Making RDIS work so well relied on several techniques. One was a divide-and-conquer strategy called decomposition. By breaking down the problem into smaller problems and treating them as independent problems (even though they are not), the designers converged on the optimal solution much faster. Another strategy is recursion. These and other technical details are described in the paper.

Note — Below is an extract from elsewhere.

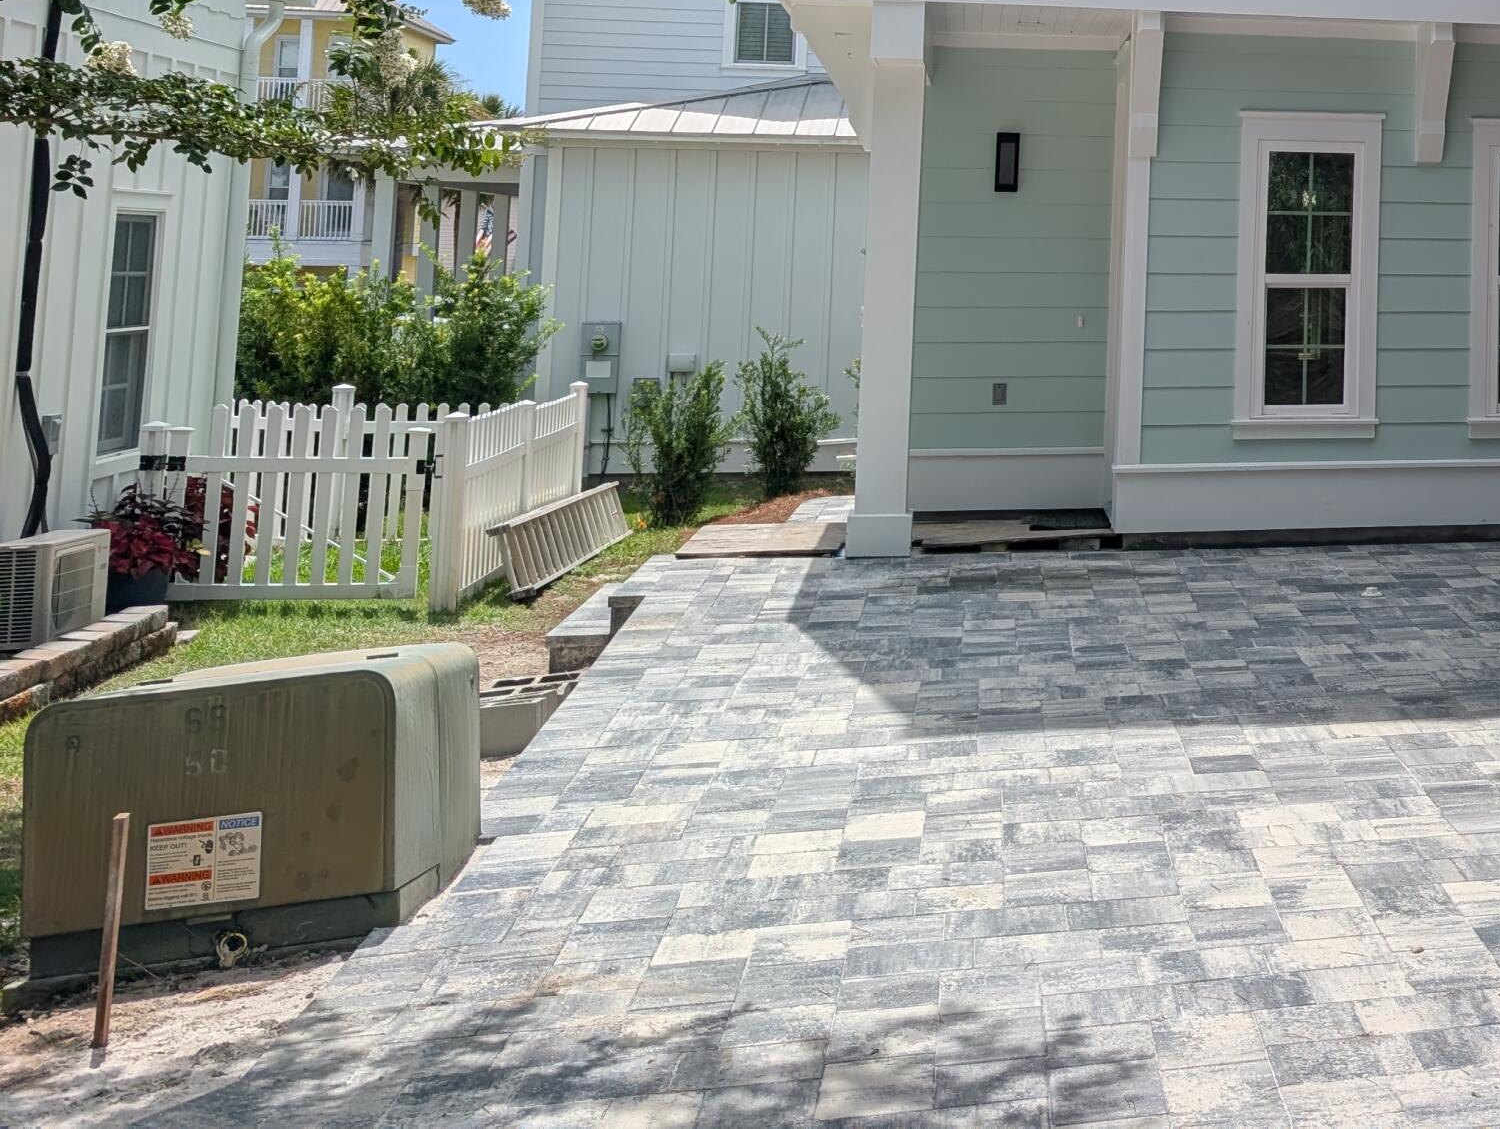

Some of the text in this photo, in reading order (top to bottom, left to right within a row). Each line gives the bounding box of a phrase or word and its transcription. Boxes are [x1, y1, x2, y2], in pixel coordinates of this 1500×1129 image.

[164, 823, 211, 835] WARNING
[221, 818, 257, 828] NOTICE
[162, 871, 210, 883] WARNING

Optimization is not limited to AI or computers. Every logically thinking person faces optimization problems; e.g., “How shall I distribute my funds to optimize my return on investment?” “What players shall I call up for this football play?” “Shall I drop off the kids at school before going to the bank, or after?” “Where is traffic likely to be worse?” Optimization rapidly becomes more difficult as the complexity of the problem rises, indicated in a pithy analogy:

Solving optimization problems is like being left blindfolded at the top of a hill and asked to walk to the ocean. One way to do that is to judge where to go by feeling around with your foot and taking one step a time in the steepest downward direction. That works if there’s only one hill. But if you’re at the top of the Himalayas, you’ll quickly get stuck because there are thousands of peaks and foothills and flat parts. That’s essentially what happens with current optimization algorithms.

“If you’re lucky, maybe you’ll wind up in the sea but more likely you’ll wind up in a valley or a lake,” said Domingos. “If you could see the whole landscape, you’d say ‘oh, here’s where I have to go,’ but the problem is you can’t see everywhere and neither can today’s algorithms.”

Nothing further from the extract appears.